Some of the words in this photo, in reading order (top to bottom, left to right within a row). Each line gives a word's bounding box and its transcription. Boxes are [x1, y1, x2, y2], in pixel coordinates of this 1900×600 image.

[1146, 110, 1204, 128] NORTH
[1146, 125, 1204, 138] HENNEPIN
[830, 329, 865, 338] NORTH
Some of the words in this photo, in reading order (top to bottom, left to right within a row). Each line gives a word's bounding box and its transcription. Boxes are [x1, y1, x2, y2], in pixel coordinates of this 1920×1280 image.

* * * * * * * * *

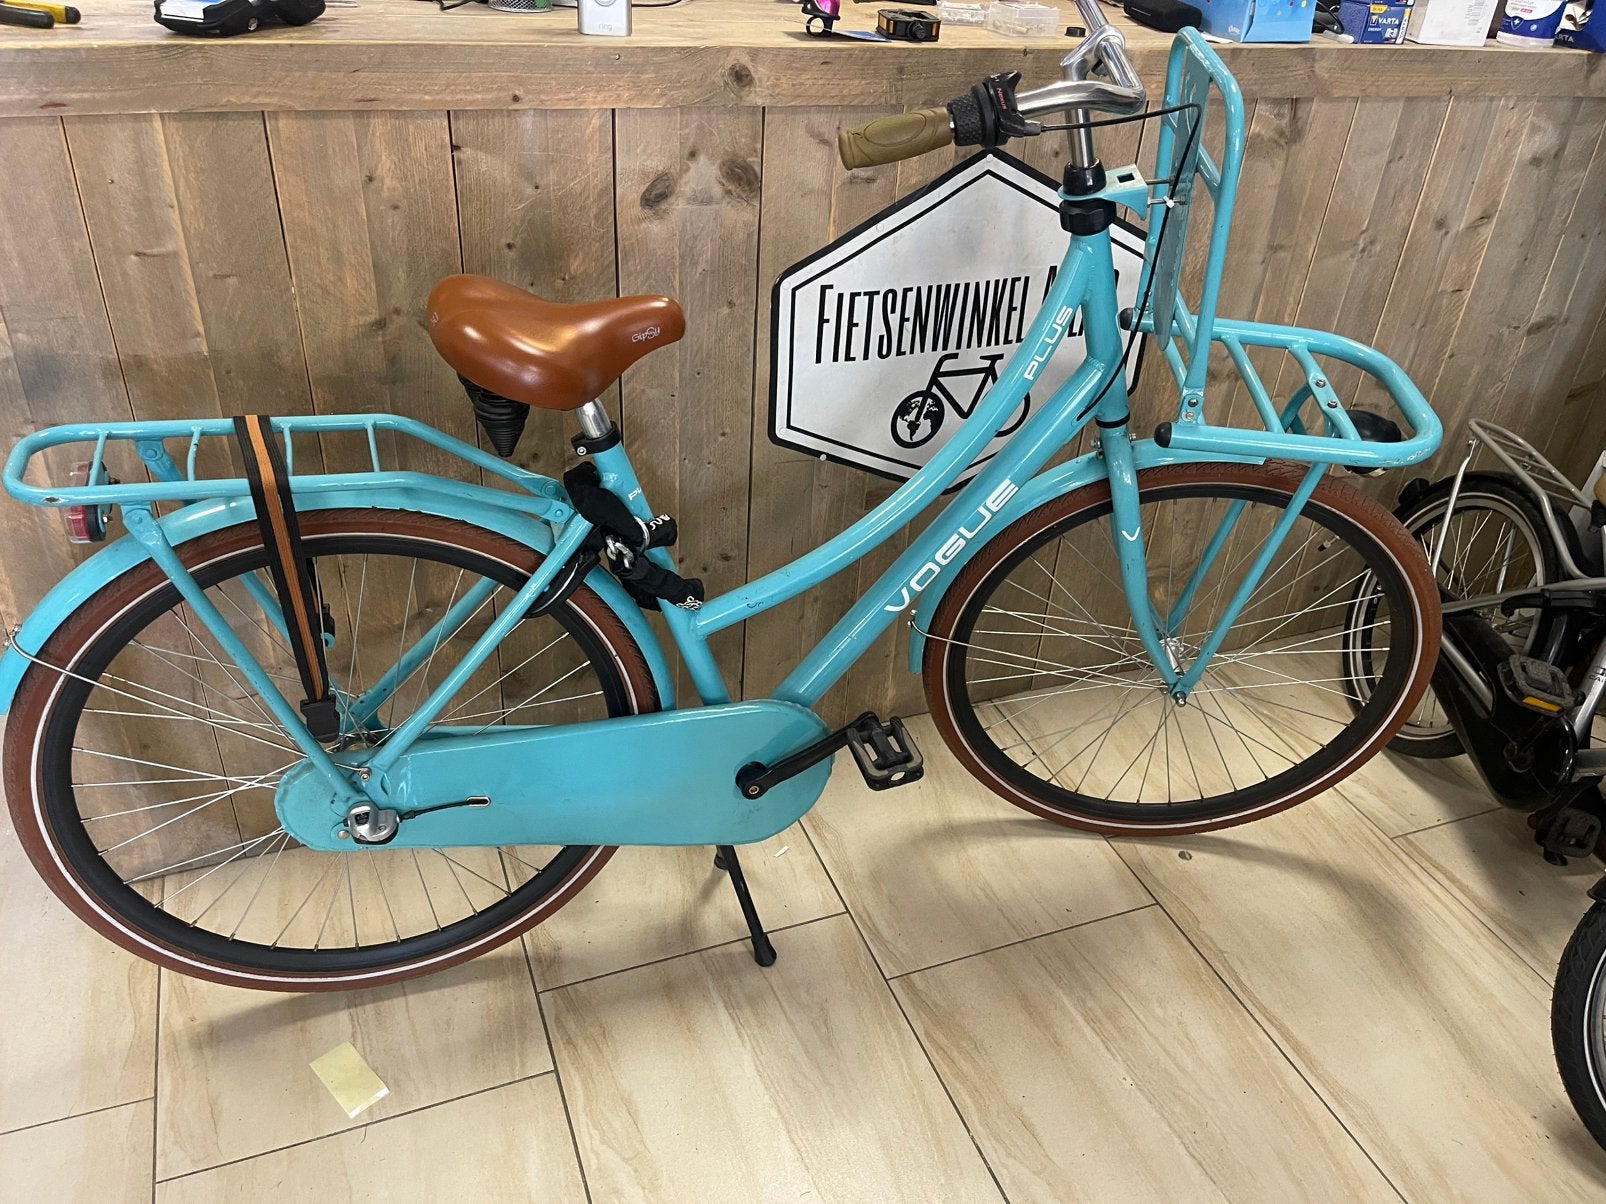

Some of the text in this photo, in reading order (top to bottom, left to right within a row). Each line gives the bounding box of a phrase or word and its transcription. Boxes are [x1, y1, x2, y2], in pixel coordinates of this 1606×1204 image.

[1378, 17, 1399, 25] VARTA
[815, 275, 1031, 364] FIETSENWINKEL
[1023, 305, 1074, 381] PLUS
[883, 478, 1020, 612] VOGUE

* * * * * * * * *

- [Prompt] From the line holding "this 1900×600 image." to the line holding "this 1920×1280 image.", inclusive, restate each line above exactly as written.

- [Reply]
Some of the words in this photo, in reading order (top to bottom, left to right within a row). Each line gives a word's bounding box and its transcription. Boxes are [x1, y1, x2, y2], in pixel coordinates of this 1900×600 image.

[1146, 110, 1204, 128] NORTH
[1146, 125, 1204, 138] HENNEPIN
[830, 329, 865, 338] NORTH
Some of the words in this photo, in reading order (top to bottom, left to right within a row). Each line gives a word's bounding box and its transcription. Boxes are [x1, y1, x2, y2], in pixel coordinates of this 1920×1280 image.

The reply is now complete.